Some poets invite distraction of a biographical or ideological nature: their lives are intrinsically more compelling then their work. Yet in this century the radical challenge of a number of writers has been lost in an easy interest in 'the life'. Life studies can illuminate and entertain. They can also, as in the case of Plath, displace the work or so condition our approach to it that its vitality is attenuated, its enabling challenge deflected. Wyndham Lewis, Ford Madox Ford, Ezra Pound, Robert Frost, T.S. Eliot and many others have in recent years been made answerable to modern readers not through their writings but through their lives. Biographers chronicle their doubtful or wrong turnings without necessarily understanding the human context of those 'errors' or appraising how the writings relate to, alter and adjust them.
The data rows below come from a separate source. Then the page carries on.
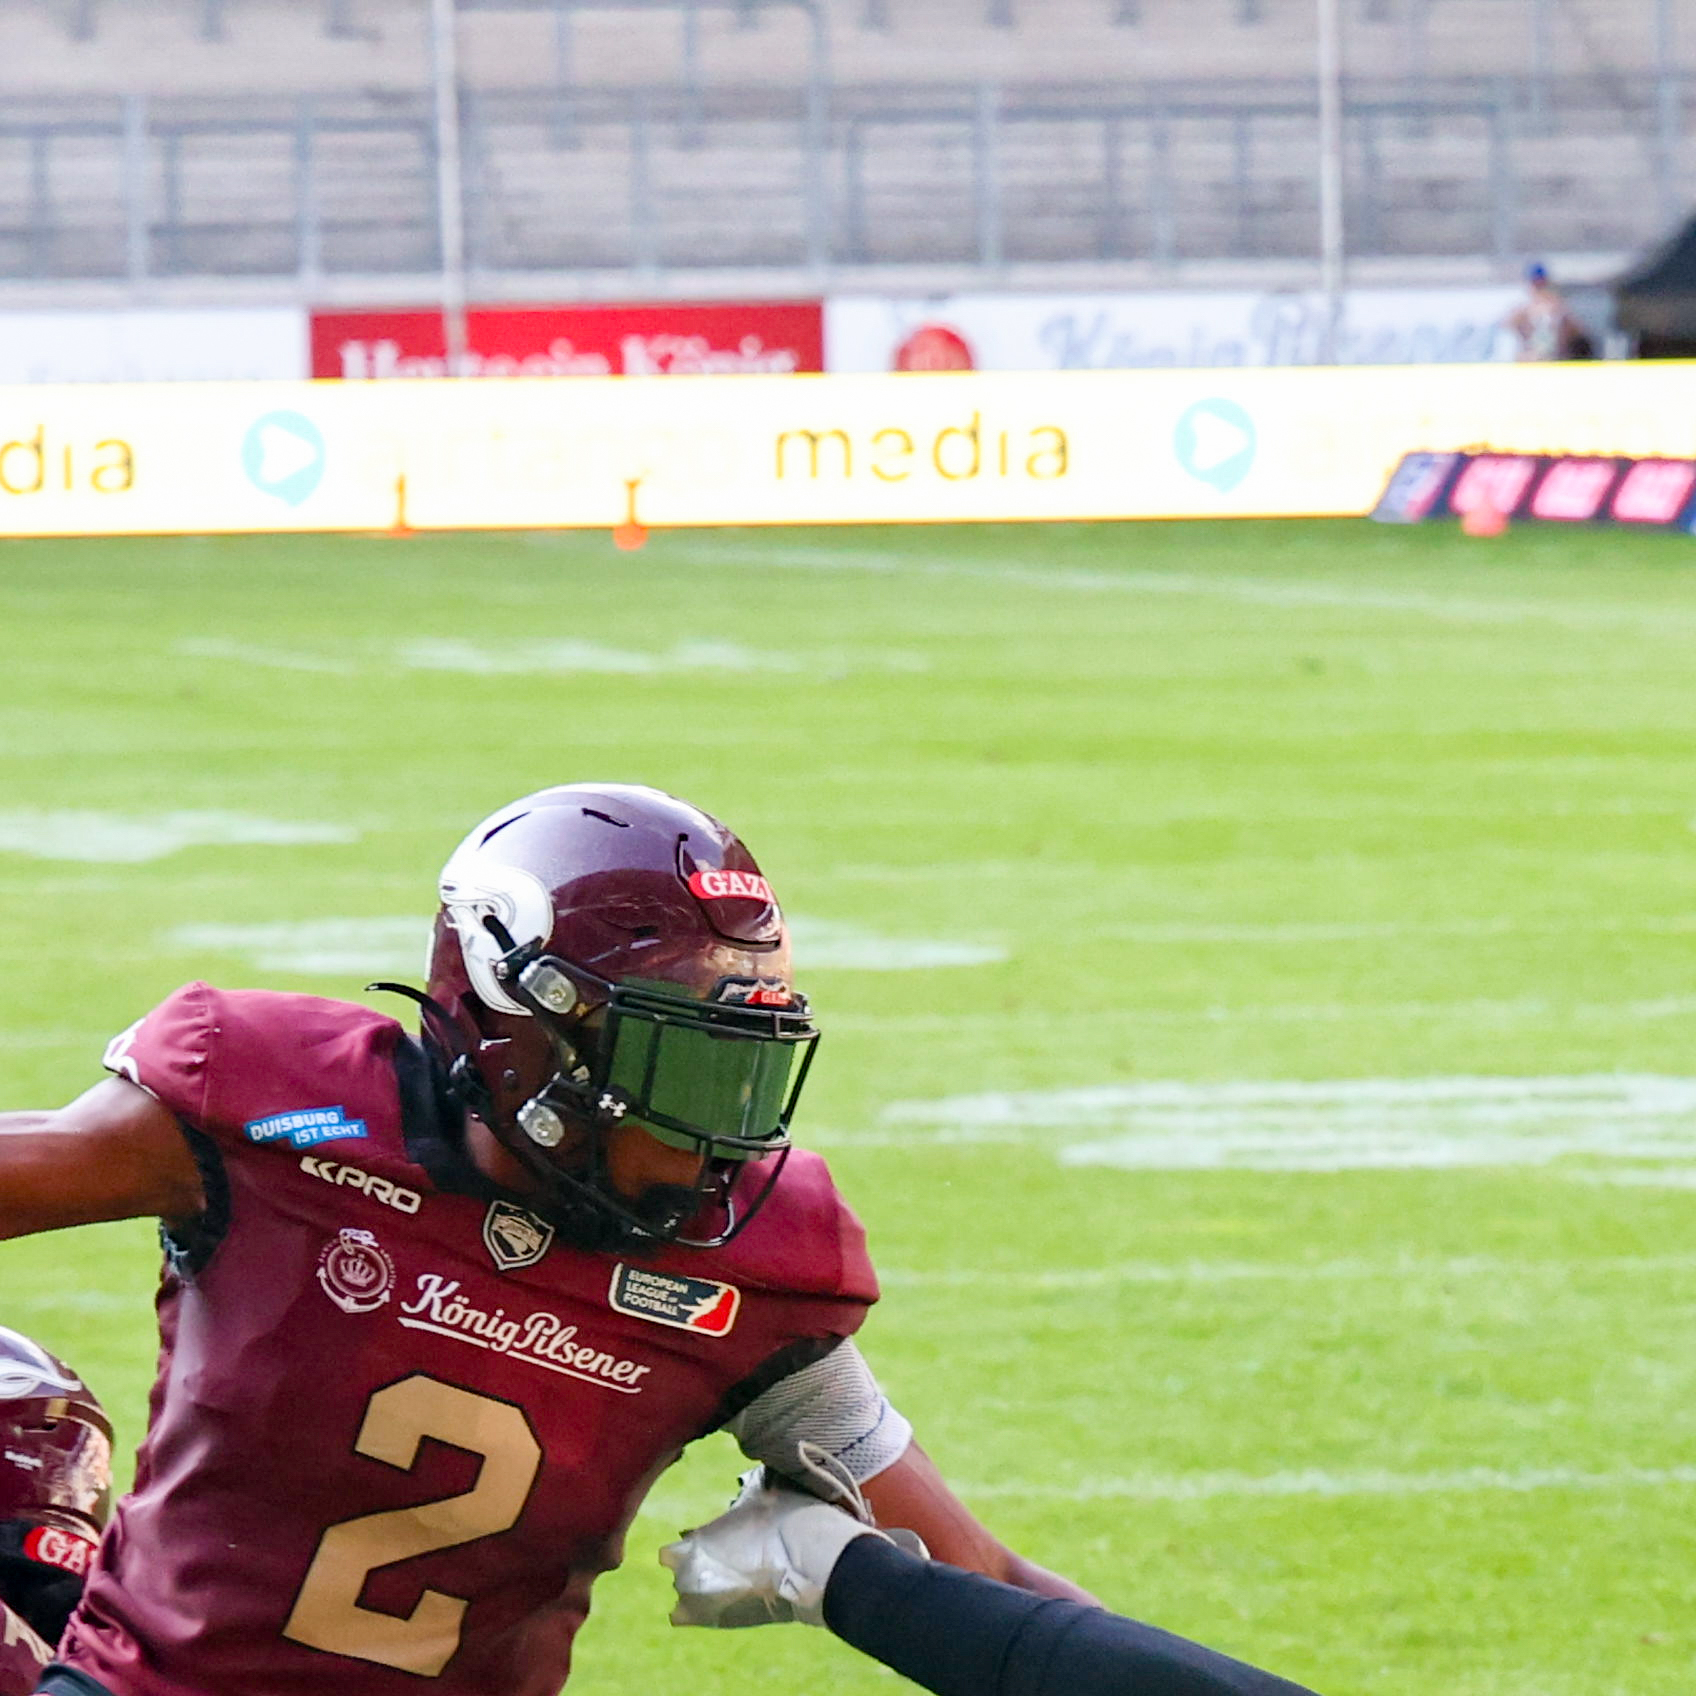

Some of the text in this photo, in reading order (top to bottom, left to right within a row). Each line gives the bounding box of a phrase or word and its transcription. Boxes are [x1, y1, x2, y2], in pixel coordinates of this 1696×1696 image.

[776, 410, 1070, 481] media
[701, 871, 774, 902] GAZI
[250, 1111, 339, 1140] DUISBURG
[294, 1124, 360, 1144] IST ECHT
[625, 1281, 669, 1301] LEAGUE
[628, 1270, 688, 1293] EUROPEAN
[623, 1293, 678, 1316] FOOTBALL
[400, 1273, 651, 1384] König Pilsener
[280, 1370, 545, 1678] 2
[37, 1528, 90, 1576] GA
Biography has begun to displace fiction in the marketplace yet, by the choice made from available facts, by ignorance of small detail - the weather on a crucial day, the subject's diet, what a concierge said - can be lesser fiction. When biography is driven by parti-pris or theory, or when criticism avails itself of fragments of biography to prove a point, the symbiosis is complete: the life feeds into criticism, criticism feeds back into the life; poems illustrate conclusions drawn from the interplay of facts and theories.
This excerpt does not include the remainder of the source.